Apart from sharing a ticket that was trailing so badly, Ferraro took a more personal beating in the Yankelovich poll. It showed that her own support was slipping. Yankelovich had found six weeks ago that nearly two out of three voters considered her a good or excellent choice as Mondale's running mate; now fewer than half do. Her decline was mostly among Republicans, a result of greater partisanship as the election approaches. More than 60% of voters say that Ferraro's candidacy will not affect their choice of a presidential candidate in November, while those who said it would make a difference were almost evenly split on which way it would influence them. Sampling sentiment on the controversy over the role of religion in politics, Yankelovich found that 73% of Americans favor "strict separation between church and state," 77% feel that it is "all right" for religious leaders to speak out on social issues, but 72% feel that religious groups should not try to "impose their moral teachings on Bothers through the political :process." Among voters I who consider themselves to be "born again" (36% responded yes to the question: Would you say that you have been born again, or have had a born-again experience that has been a turning point in your life?), there is less opposition to religious leaders speaking out on social issues or endorsing candidates.
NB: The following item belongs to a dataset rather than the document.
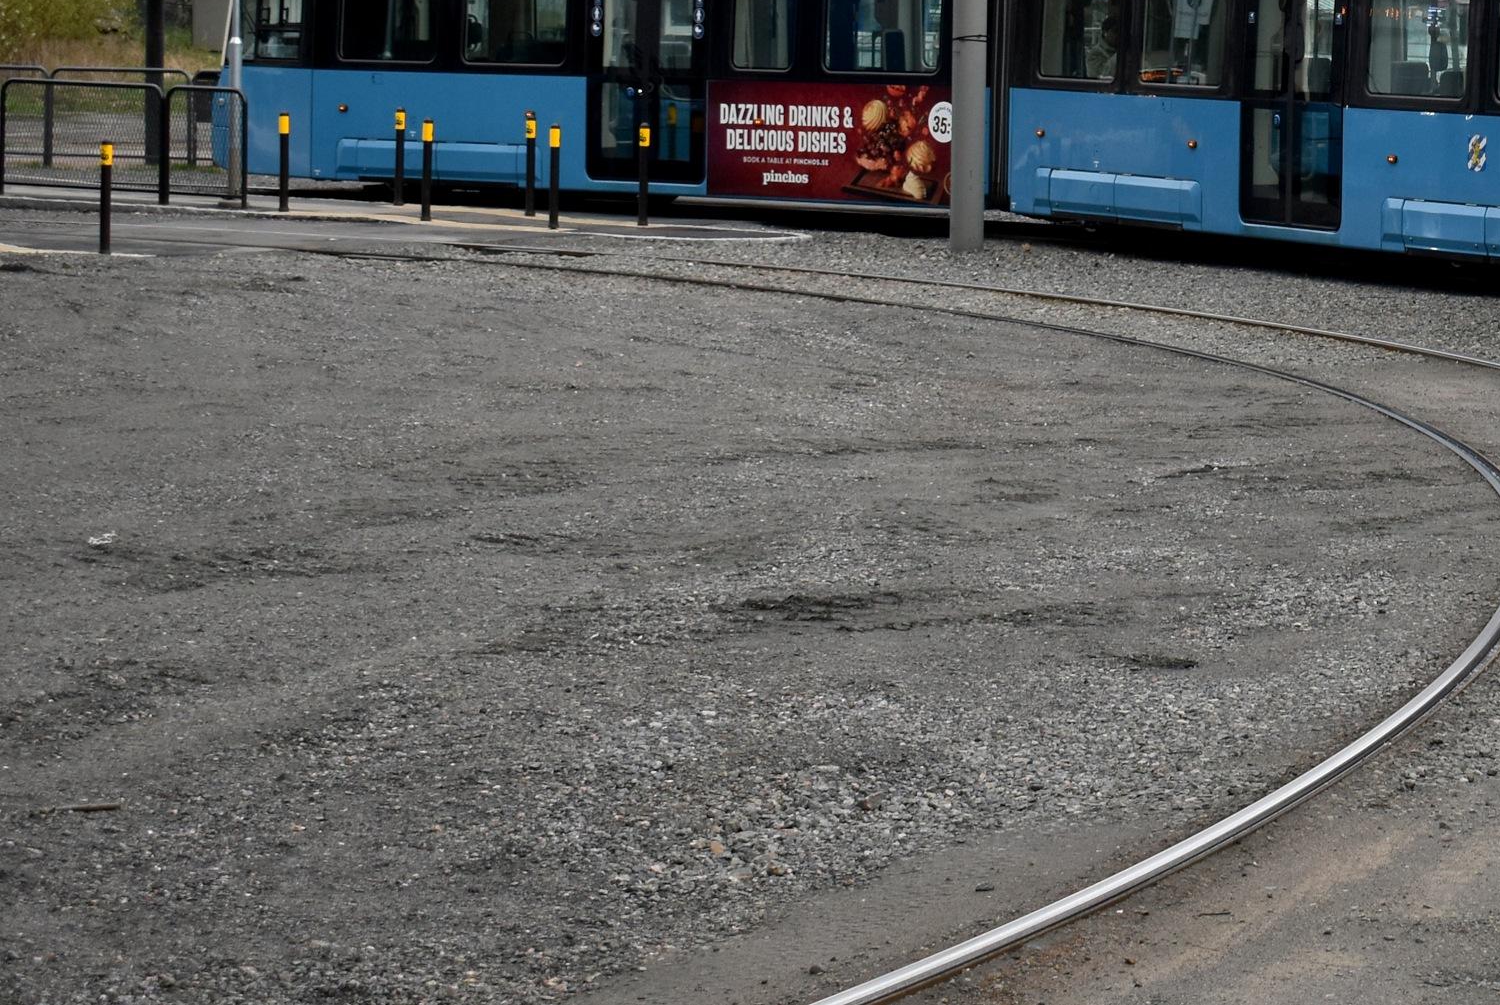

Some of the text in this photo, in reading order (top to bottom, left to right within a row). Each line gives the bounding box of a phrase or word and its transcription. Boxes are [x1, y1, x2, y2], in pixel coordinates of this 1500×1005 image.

[720, 103, 854, 128] DAZZLING DRINKS &
[726, 129, 847, 154] DELICIOUS DISHES
[793, 158, 829, 166] PINCHOS.SE
[762, 169, 809, 185] pinchos
Only 22% of all voters consider religion and politics a "very important" issue in the campaign.

Presidential races almost always get closer once the World Series ends; the air gets chillier and people focus more on the election. But with five weeks left before the voting, and separated from their opponents by a gap larger than any that modern contenders have overcome in such a period, Mondale and Ferraro must fan the recent sparks into a far hotter flame. Mondale's last opportunity to turn the race around may come in Louisville next Sunday during the first presidential debate. Reagan's statements of last week will no doubt provide his challenger with some useful ammunition. But Mondale's long-shot hopes may hinge on the chance that he can force Reagan into an even greater set of verbal bumbles. --By Ed Magnuson.

Reported by Sam Allis with Mondale and Barrett Seaman/Washington

* The telephone poll of 1,000 registered voters has a potential sampling error of plus or minus 3%. When these results are compared with previous polls, the potential sampling error is plus or minus 4.5%.